The [URE3] phenotype in yeast Saccharomyces cerevisiae is due to an altered prion form of Ure2p, a protein involved in nitrogen catabolism. To understand possible conformational changes at the origin of prion propagation, we previously solved the crystal structure of the Ure2p functional region [Bousset et al. (2001) Structure 9, 39-46]. We showed the protein to have a fold similar to that of the beta class of glutathione S-transferases (GSTs). Here we report crystal structures of the Ure2p functional region (extending from residues 95-354) in complex with glutathione (GSH), the substrate of all GSTs, and two widely used GST inhibitors, namely, S-hexylglutathione and S-p-nitrobenzylglutathione. In a manner similar to what is observed in many GSTs, ligand binding is not accompanied by a significant change in the conformation of the protein.

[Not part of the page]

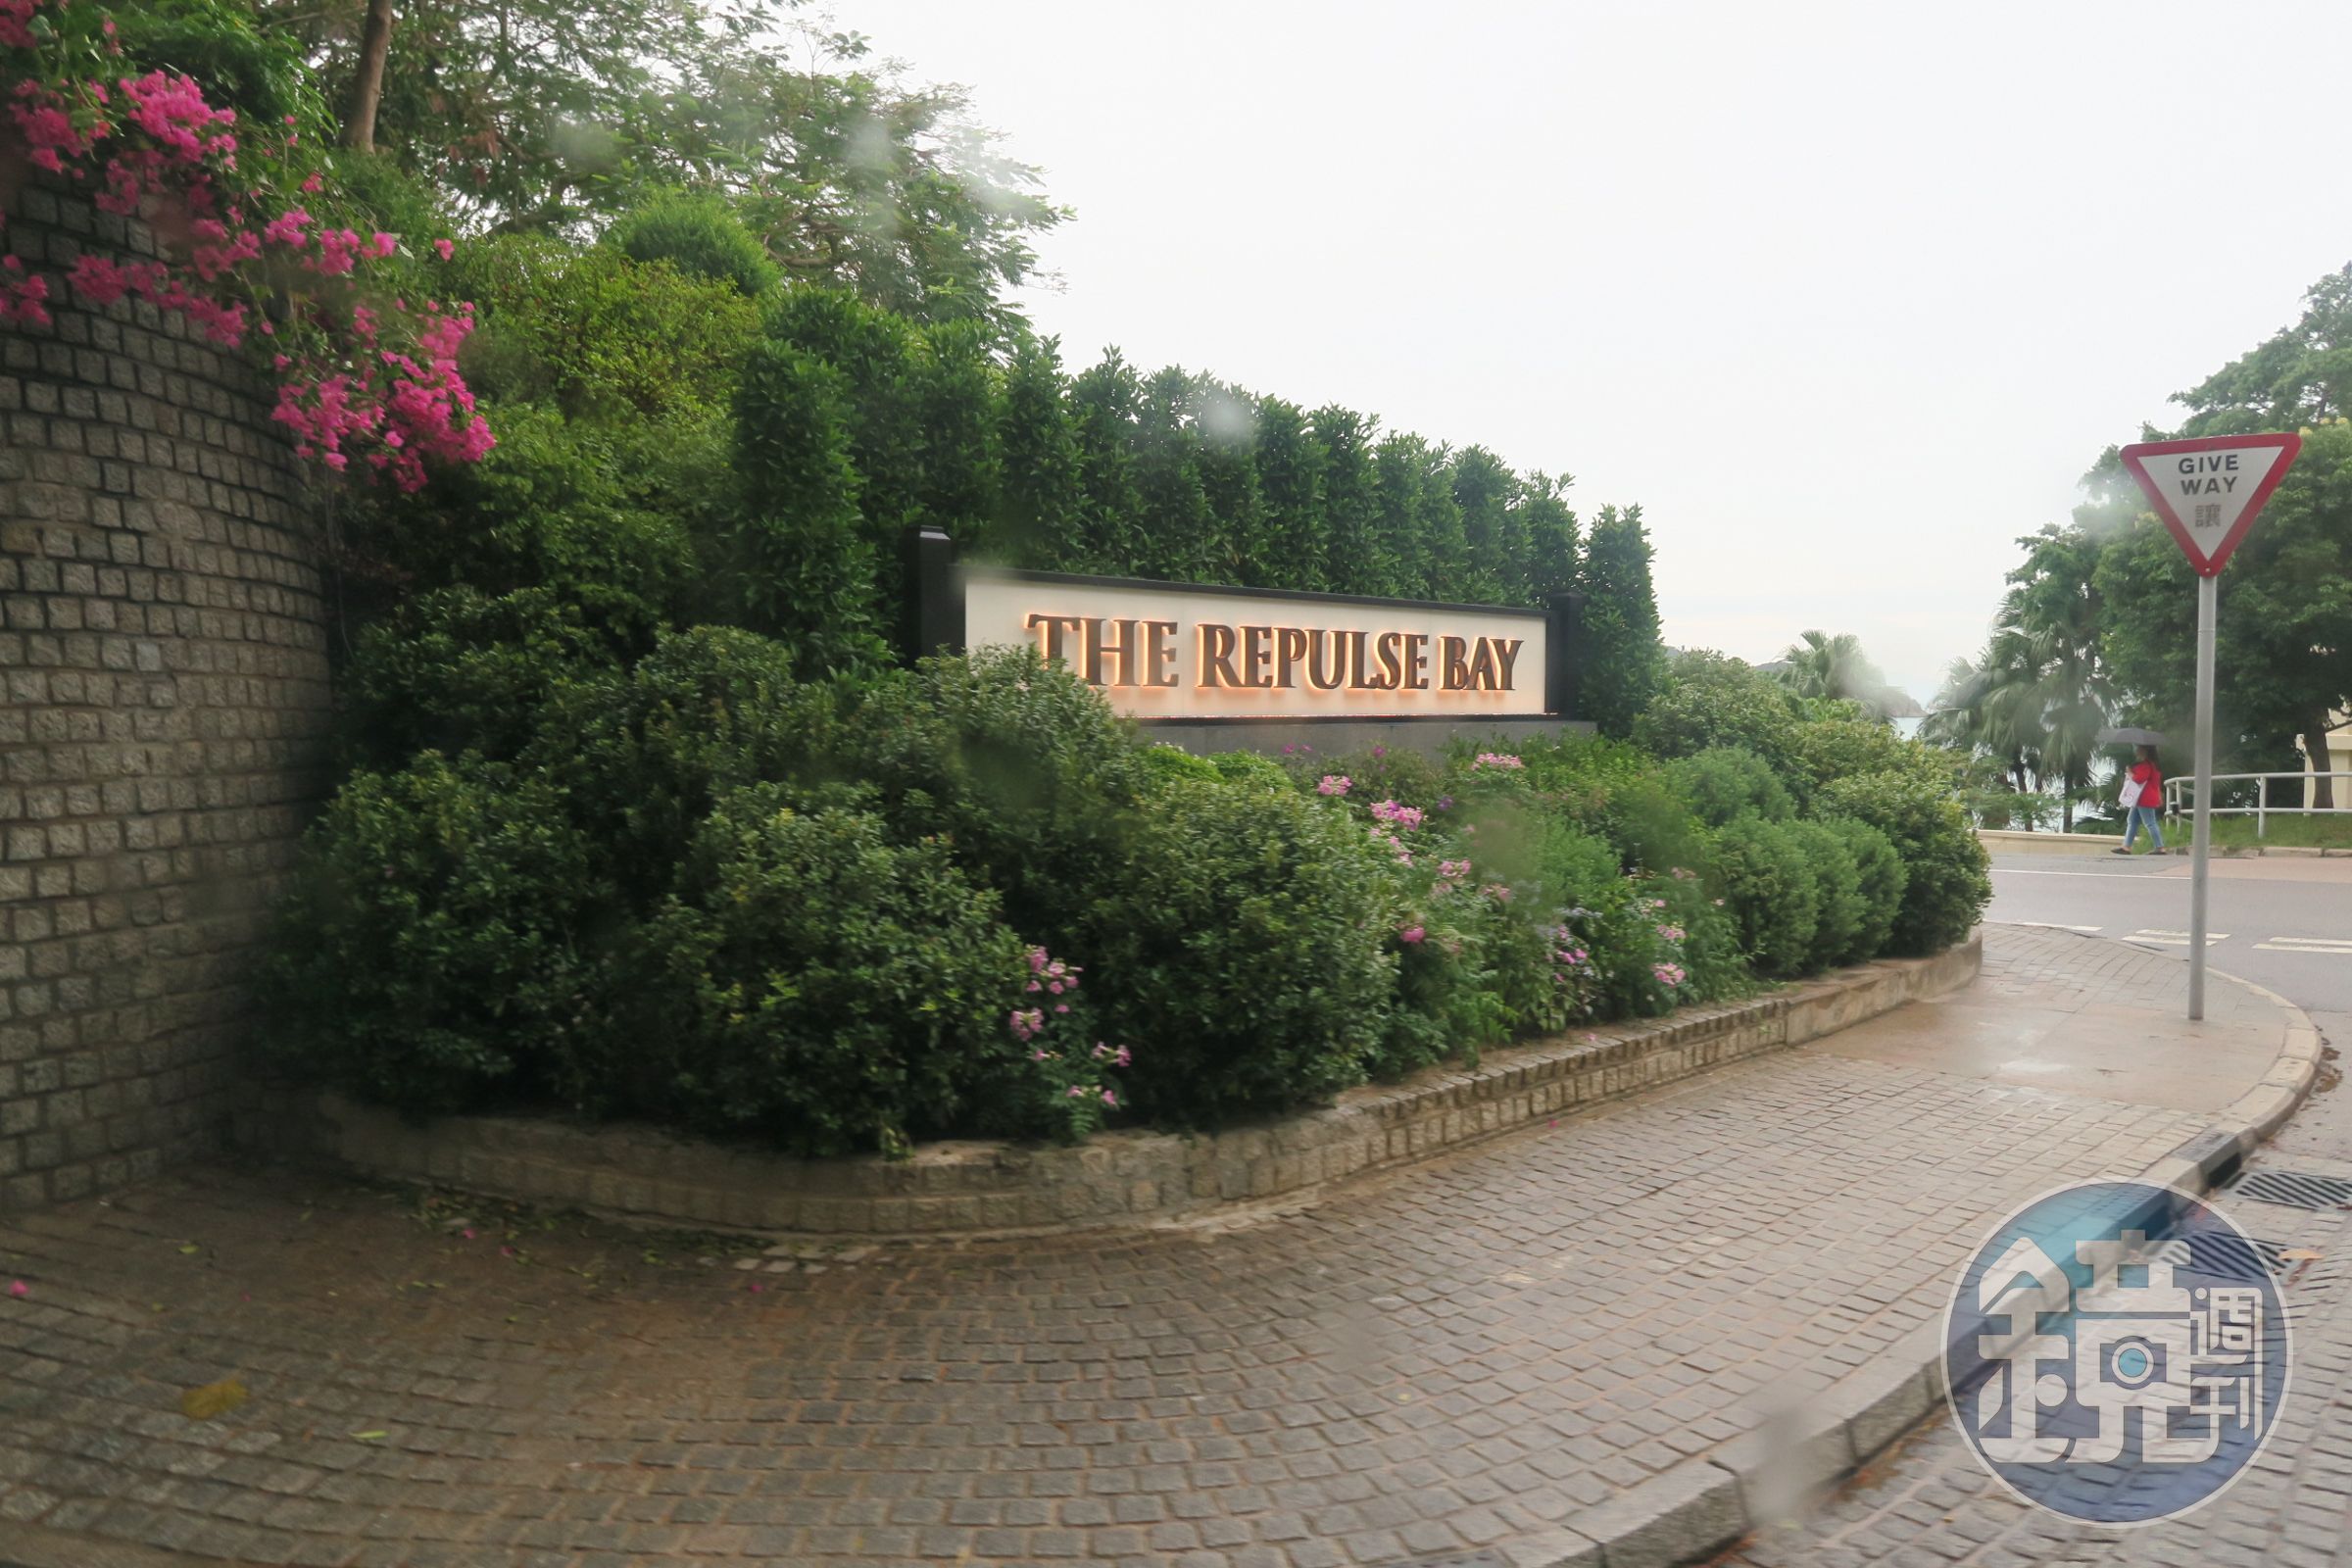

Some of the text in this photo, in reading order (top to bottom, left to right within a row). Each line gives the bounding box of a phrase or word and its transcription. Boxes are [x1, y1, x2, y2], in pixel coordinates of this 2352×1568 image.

We identify one GSH and one hydrophobic electrophile binding site per monomer as observed in all other GSTs. The sulfur group of GSH, that conjugates electrophiles, is located near the amide group of Asn124, allowing a hydrogen bond to be formed. Biochemical data indicate that GSH binds to Ure2p with high affinity. Its binding affects Ure2p oligomerization but has no effect on the assembly of the protein into amyloid fibrils. Despite results indicating that Ure2p lacks GST activity, we propose that Ure2p is a member of the GST superfamily that may describe a novel GST class. Our data bring new insights into the function of the Ure2p active region.